Watch out, Big Pharma: The Brockovich is back. Consumer rights advocate Erin Brockovich is taking on Bayer to get Essure, a permanent birth control procedure that's resulting in adverse effects for thousands of women, off the market. Brockovich, who first gained fame when her successful campaign against Pacific Electric Co. was made into a Hollywood biopic, is already building a community of supporters. Her first step in the campaign against Essure has been to create a website where women who have had the procedure can come together, share their experiences of the procedure, and sign a 3,800-signature strong petition.
Essure was designed to be a safer and cheaper alternative to tubal ligation (aka having your tubes tied), and is a sterilization procedure. During the outpatient procedure, a bendable coil is passed through the vagina and cervix to the fallopian tubes. Scar tissue forms around the coils, which blocks sperm. Conceptus, the company that originally manufacture Essure, estimates that more than 700,000 women have had the procedure. More than 800 have filed complaints, including 150 who report broken coils and 80 women who became pregnant after the procedure. Thousands of women have reported other adverse effects.

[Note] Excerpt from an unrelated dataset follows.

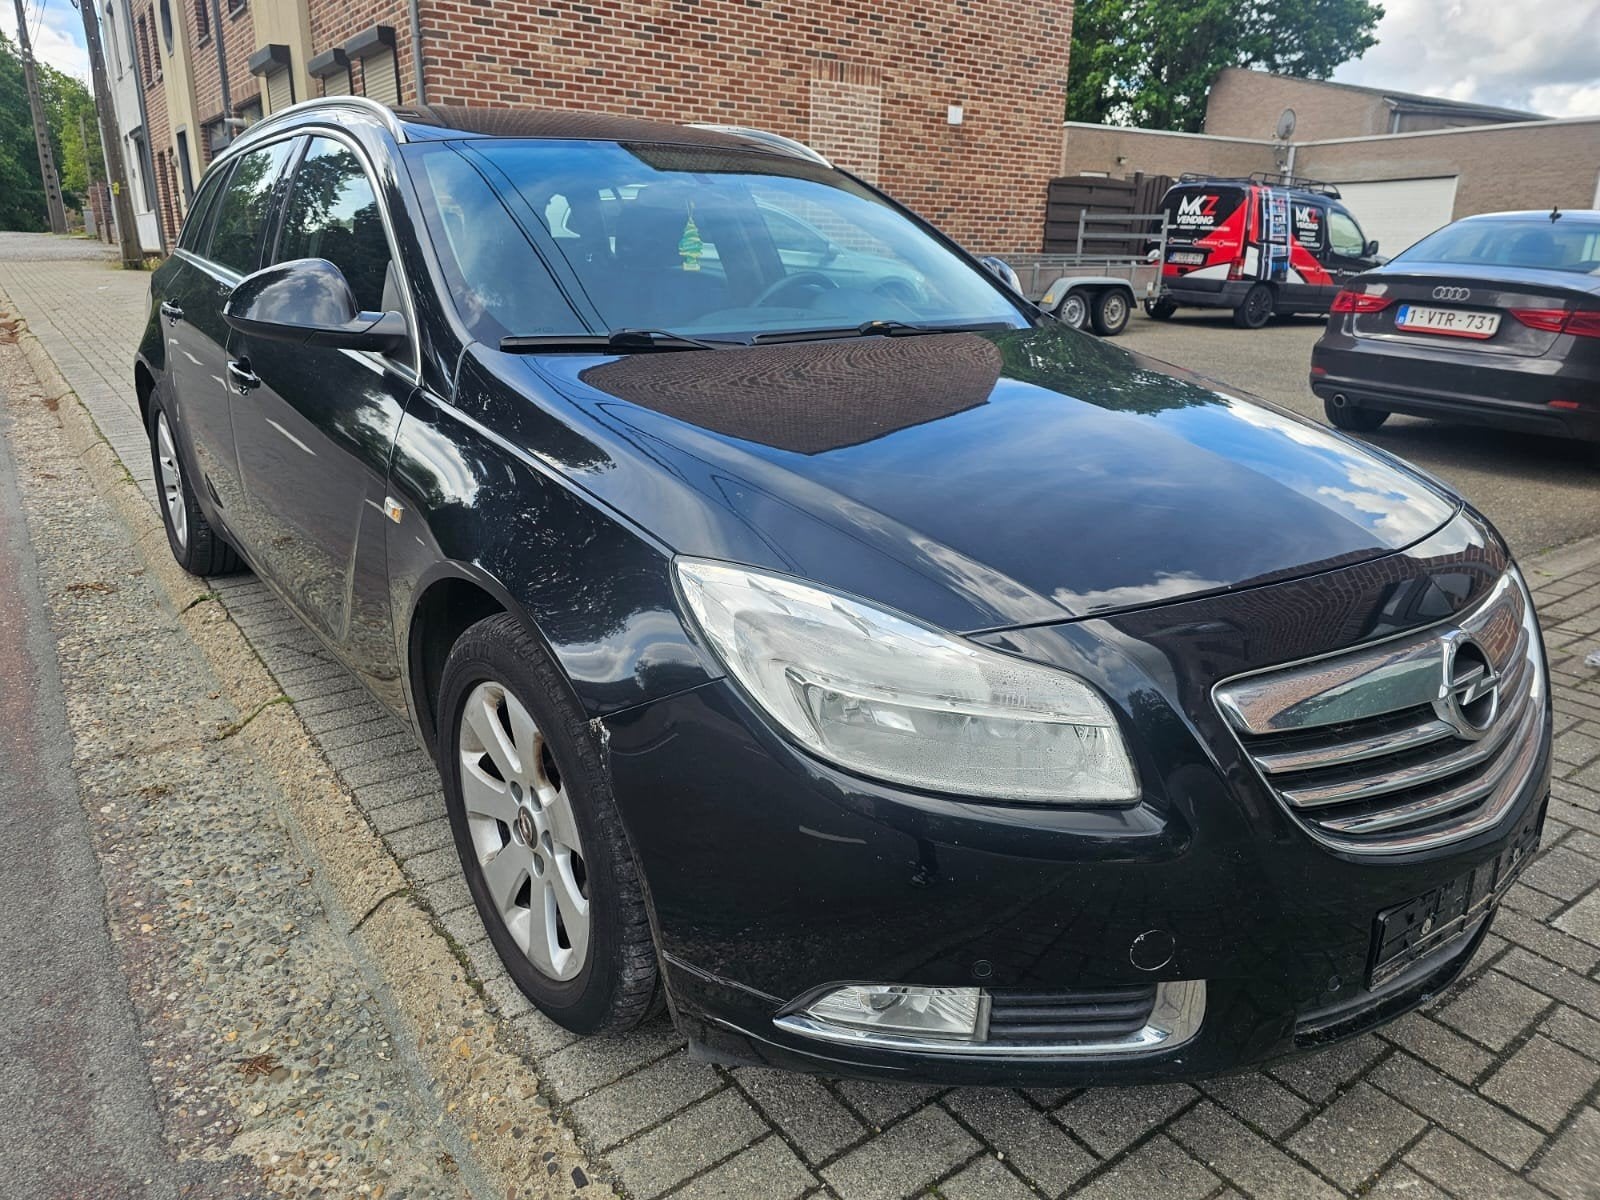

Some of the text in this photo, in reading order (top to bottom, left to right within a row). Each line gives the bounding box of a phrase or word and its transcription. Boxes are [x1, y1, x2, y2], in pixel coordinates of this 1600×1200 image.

[1178, 195, 1220, 215] MKZ
[1177, 215, 1215, 225] VENDING
[1295, 206, 1320, 222] MKZ

"There's something wrong with the device, in my opinion," Brockovich said. "It's a form of permanent birth control, and women's organs are being perforated … It's ridiculous that at any level we try to defend this. If 30 women did suffer harm for unknown reason, we'd investigate. We have thousands injured. I don't think it's safe."
Reported injuries have varied from mild cramping to far more serious matters, such as organ perforation. In clinical trials, about three percent of the 745 women had their cervix pierced by the coils during the procedure. Three or four women's bodies even rejected the device completely and expelled it. The study also noted that there was the possibility of other organs being punctured, besides the fallopian tubes and uterus.

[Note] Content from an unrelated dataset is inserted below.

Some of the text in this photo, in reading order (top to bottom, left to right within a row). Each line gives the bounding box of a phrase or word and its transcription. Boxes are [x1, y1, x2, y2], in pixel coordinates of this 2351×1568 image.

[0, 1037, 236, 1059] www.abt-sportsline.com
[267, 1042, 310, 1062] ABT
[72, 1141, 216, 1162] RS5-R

"No form of birth control is without risk or should be considered appropriate for every woman," said Bayer spokeswoman Rosemary Yancosek, who said Bayer took the safety of its consumers very seriously and was "very sad" to hear about these injuries.

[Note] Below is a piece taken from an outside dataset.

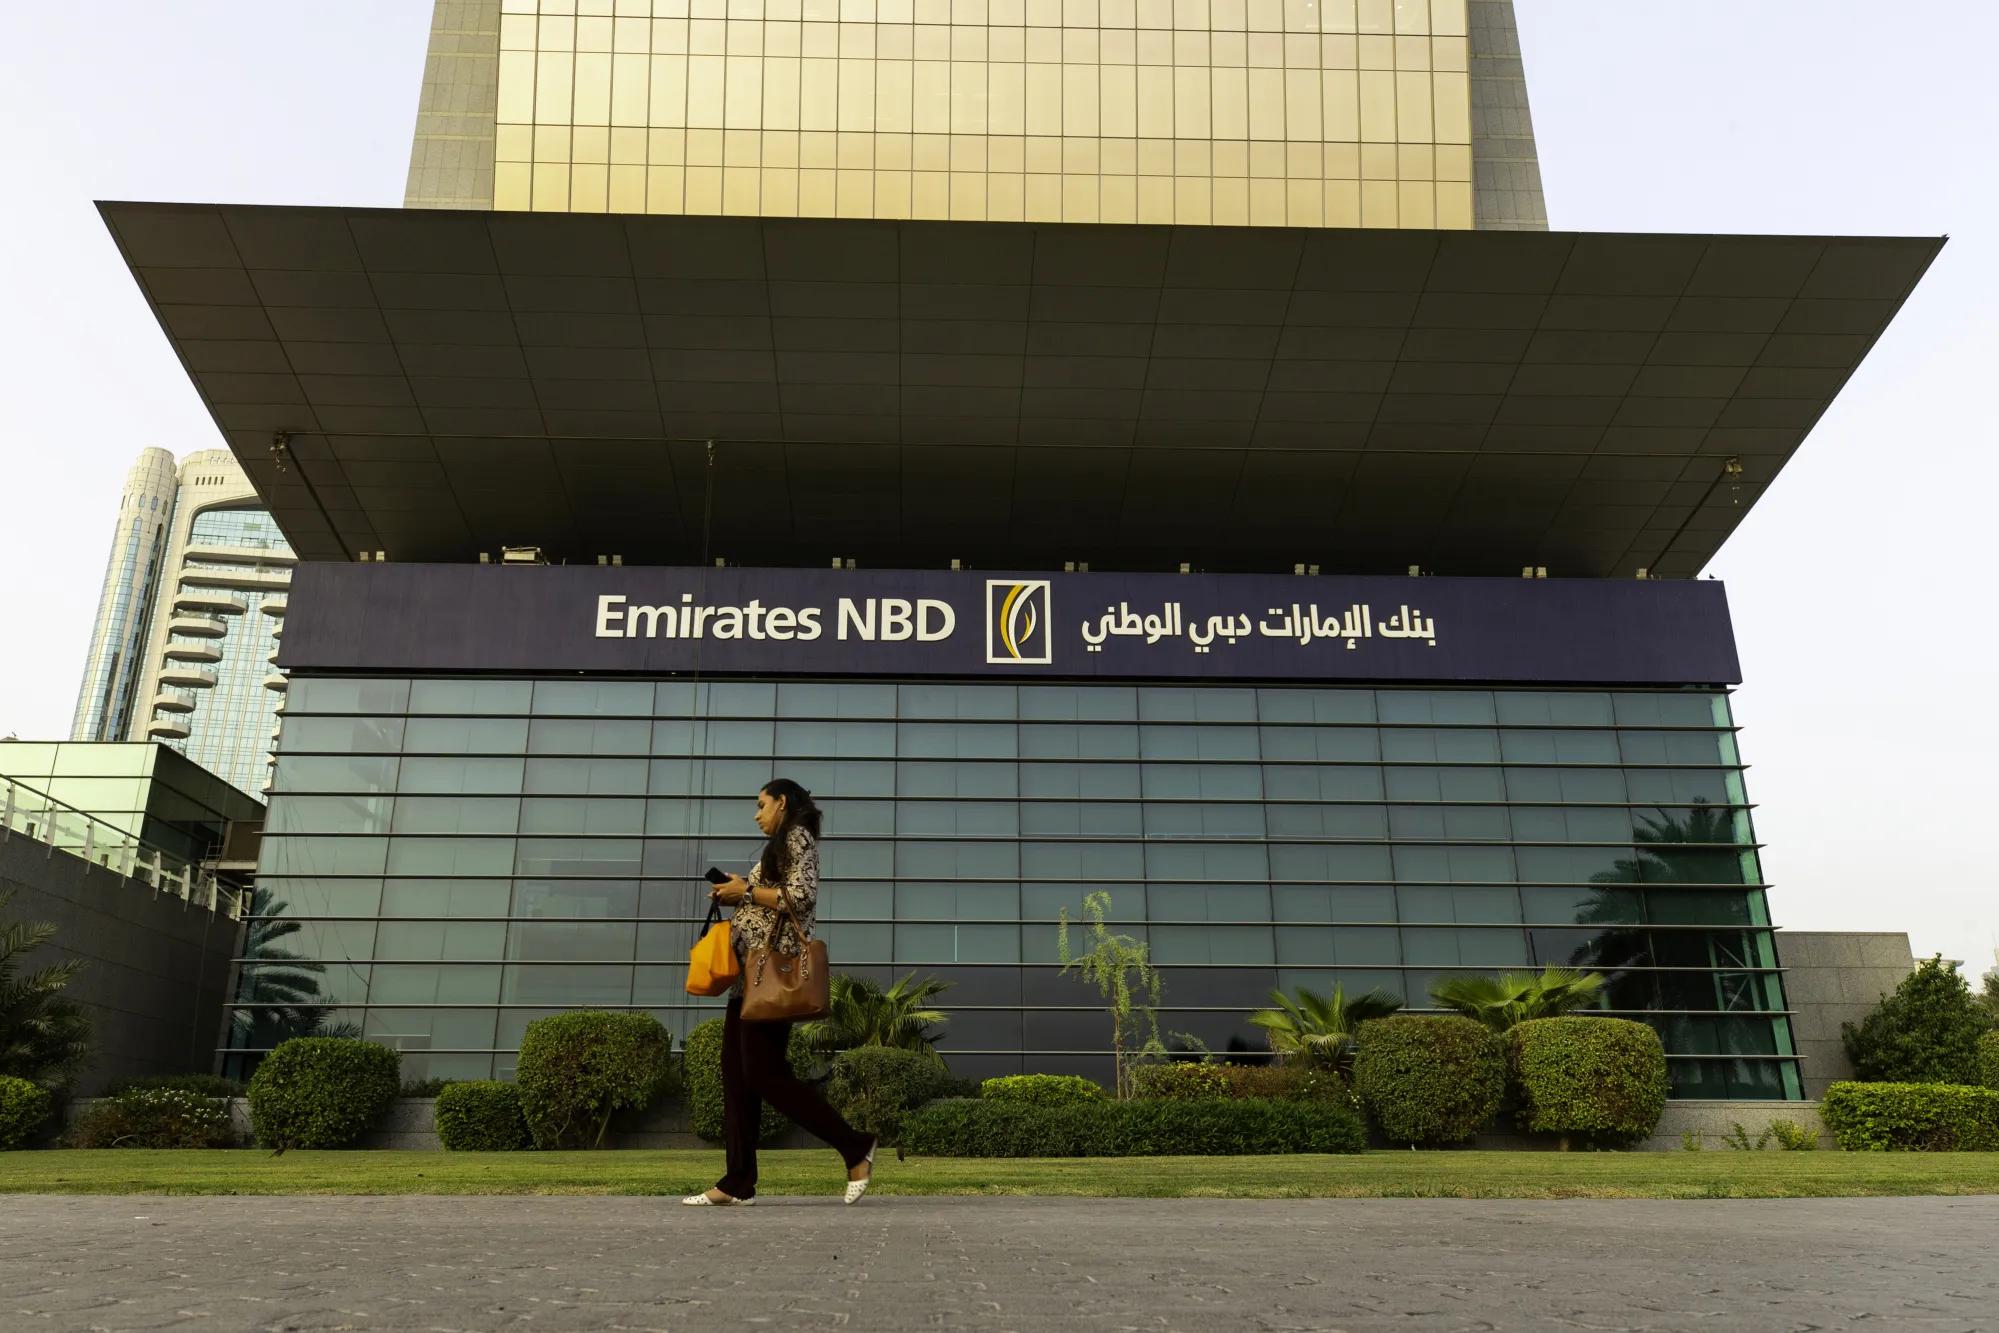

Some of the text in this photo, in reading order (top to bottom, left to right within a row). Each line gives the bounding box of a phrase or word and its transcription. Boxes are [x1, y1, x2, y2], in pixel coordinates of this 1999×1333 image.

Although she's looking into injury claims, it's going to be a tough fight in the courts. Despite the results of the trials, the FDA granted Essure tort exemption status when the device appeared on the market in 2002. This means that once the device is implanted, there's no legal recourse for women if it goes wrong.
"If there's a problem, the company gets a pass, because they have preemption," Brockovich said. "It dawned on me the consumer didn't know. The women didn't know that this existed."